THE DATA ->
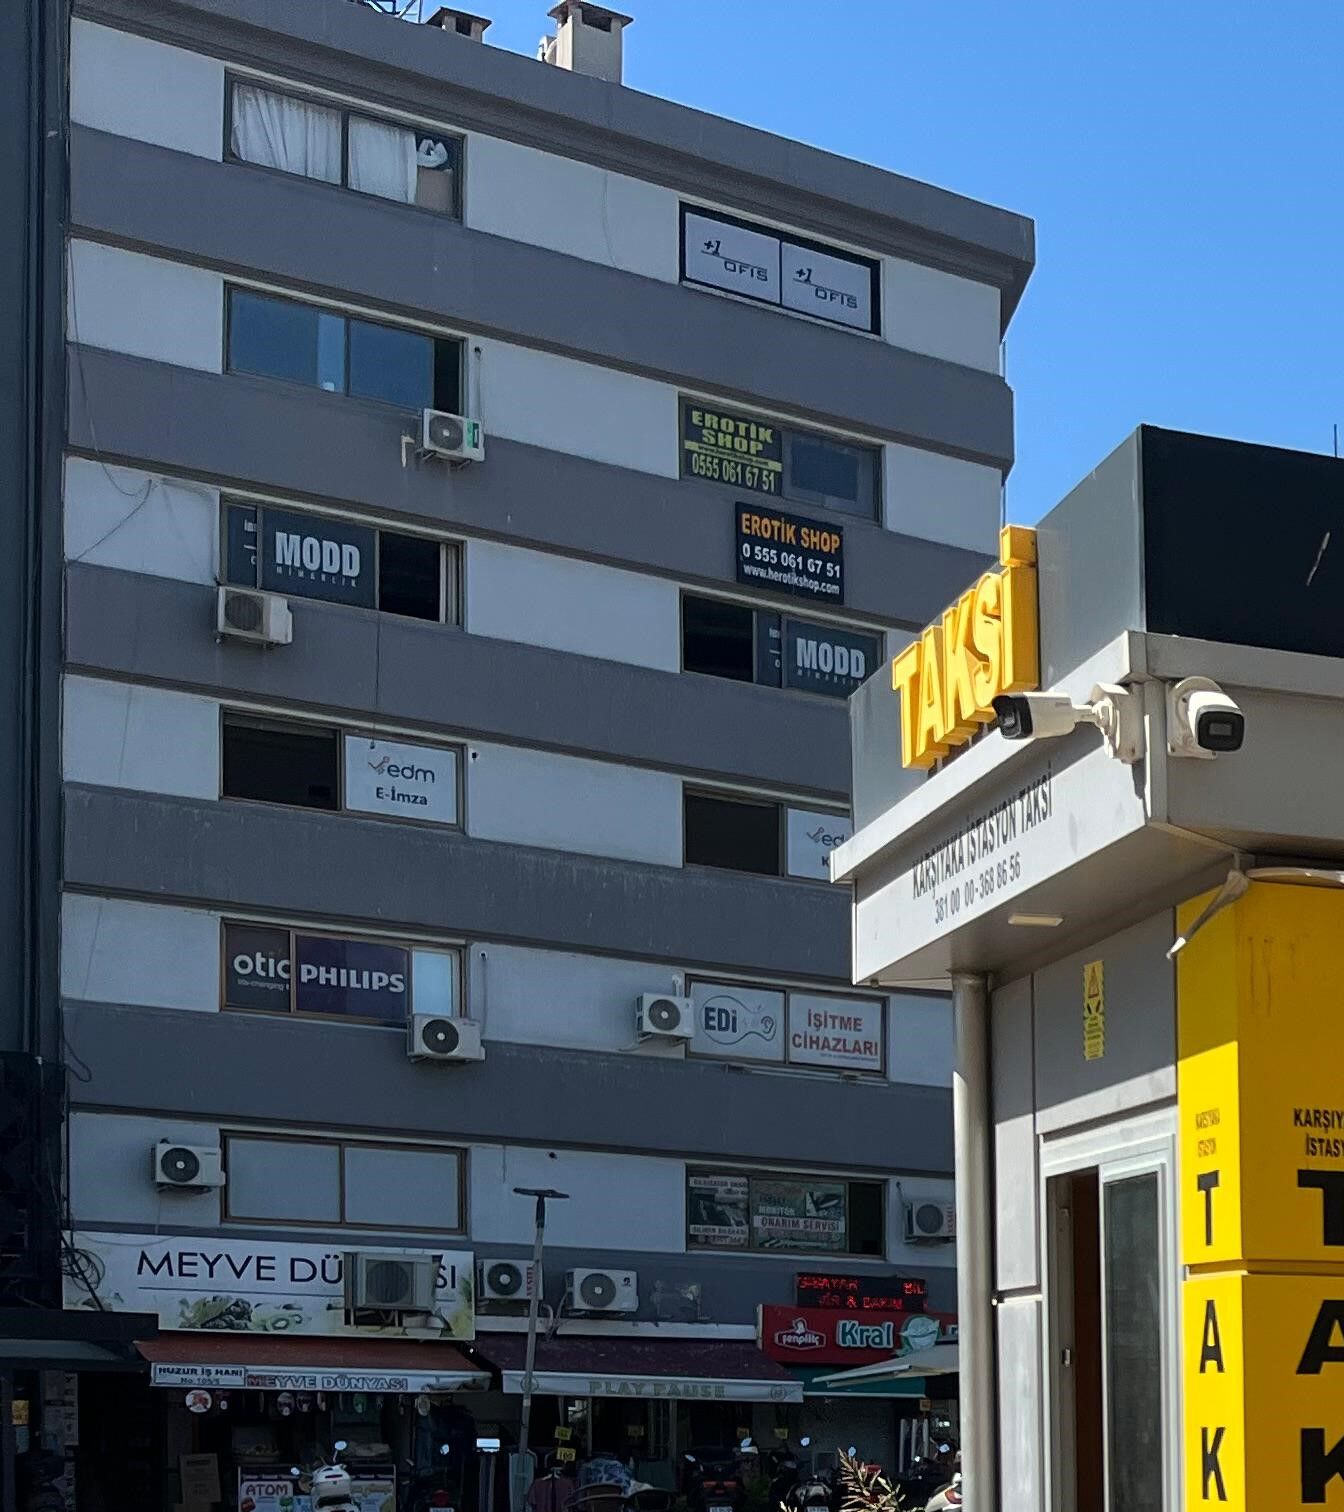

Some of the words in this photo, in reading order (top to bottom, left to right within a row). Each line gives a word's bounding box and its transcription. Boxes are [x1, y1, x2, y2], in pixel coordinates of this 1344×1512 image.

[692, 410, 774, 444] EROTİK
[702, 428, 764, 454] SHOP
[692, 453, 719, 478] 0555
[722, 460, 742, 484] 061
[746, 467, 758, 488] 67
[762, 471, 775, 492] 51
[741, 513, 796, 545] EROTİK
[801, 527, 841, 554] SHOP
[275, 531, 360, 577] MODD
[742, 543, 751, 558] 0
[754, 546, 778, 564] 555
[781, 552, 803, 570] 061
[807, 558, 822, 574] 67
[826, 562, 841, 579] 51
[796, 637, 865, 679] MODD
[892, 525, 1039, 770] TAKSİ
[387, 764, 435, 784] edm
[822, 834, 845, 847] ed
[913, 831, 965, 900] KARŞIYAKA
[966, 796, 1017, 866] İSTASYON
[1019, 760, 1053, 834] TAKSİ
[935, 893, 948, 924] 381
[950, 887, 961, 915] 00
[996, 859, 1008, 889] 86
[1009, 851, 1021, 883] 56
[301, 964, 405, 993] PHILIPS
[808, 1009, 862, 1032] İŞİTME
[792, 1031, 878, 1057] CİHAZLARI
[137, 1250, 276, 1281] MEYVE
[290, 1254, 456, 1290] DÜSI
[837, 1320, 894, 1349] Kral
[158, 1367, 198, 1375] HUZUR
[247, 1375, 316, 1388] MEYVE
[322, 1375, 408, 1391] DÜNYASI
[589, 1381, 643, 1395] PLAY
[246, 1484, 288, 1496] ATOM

TASK PROMPT -> A faithful copy of every record is required, with no pictures included.

EXERCISE SOLUTION ->
Some of the words in this photo, in reading order (top to bottom, left to right within a row). Each line gives a word's bounding box and its transcription. Boxes are [x1, y1, x2, y2], in pixel coordinates of this 1344×1512 image.

[692, 410, 774, 444] EROTİK
[702, 428, 764, 454] SHOP
[692, 453, 719, 478] 0555
[722, 460, 742, 484] 061
[746, 467, 758, 488] 67
[762, 471, 775, 492] 51
[741, 513, 796, 545] EROTİK
[801, 527, 841, 554] SHOP
[275, 531, 360, 577] MODD
[742, 543, 751, 558] 0
[754, 546, 778, 564] 555
[781, 552, 803, 570] 061
[807, 558, 822, 574] 67
[826, 562, 841, 579] 51
[796, 637, 865, 679] MODD
[892, 525, 1039, 770] TAKSİ
[387, 764, 435, 784] edm
[822, 834, 845, 847] ed
[913, 831, 965, 900] KARŞIYAKA
[966, 796, 1017, 866] İSTASYON
[1019, 760, 1053, 834] TAKSİ
[935, 893, 948, 924] 381
[950, 887, 961, 915] 00
[996, 859, 1008, 889] 86
[1009, 851, 1021, 883] 56
[301, 964, 405, 993] PHILIPS
[808, 1009, 862, 1032] İŞİTME
[792, 1031, 878, 1057] CİHAZLARI
[137, 1250, 276, 1281] MEYVE
[290, 1254, 456, 1290] DÜSI
[837, 1320, 894, 1349] Kral
[158, 1367, 198, 1375] HUZUR
[247, 1375, 316, 1388] MEYVE
[322, 1375, 408, 1391] DÜNYASI
[589, 1381, 643, 1395] PLAY
[246, 1484, 288, 1496] ATOM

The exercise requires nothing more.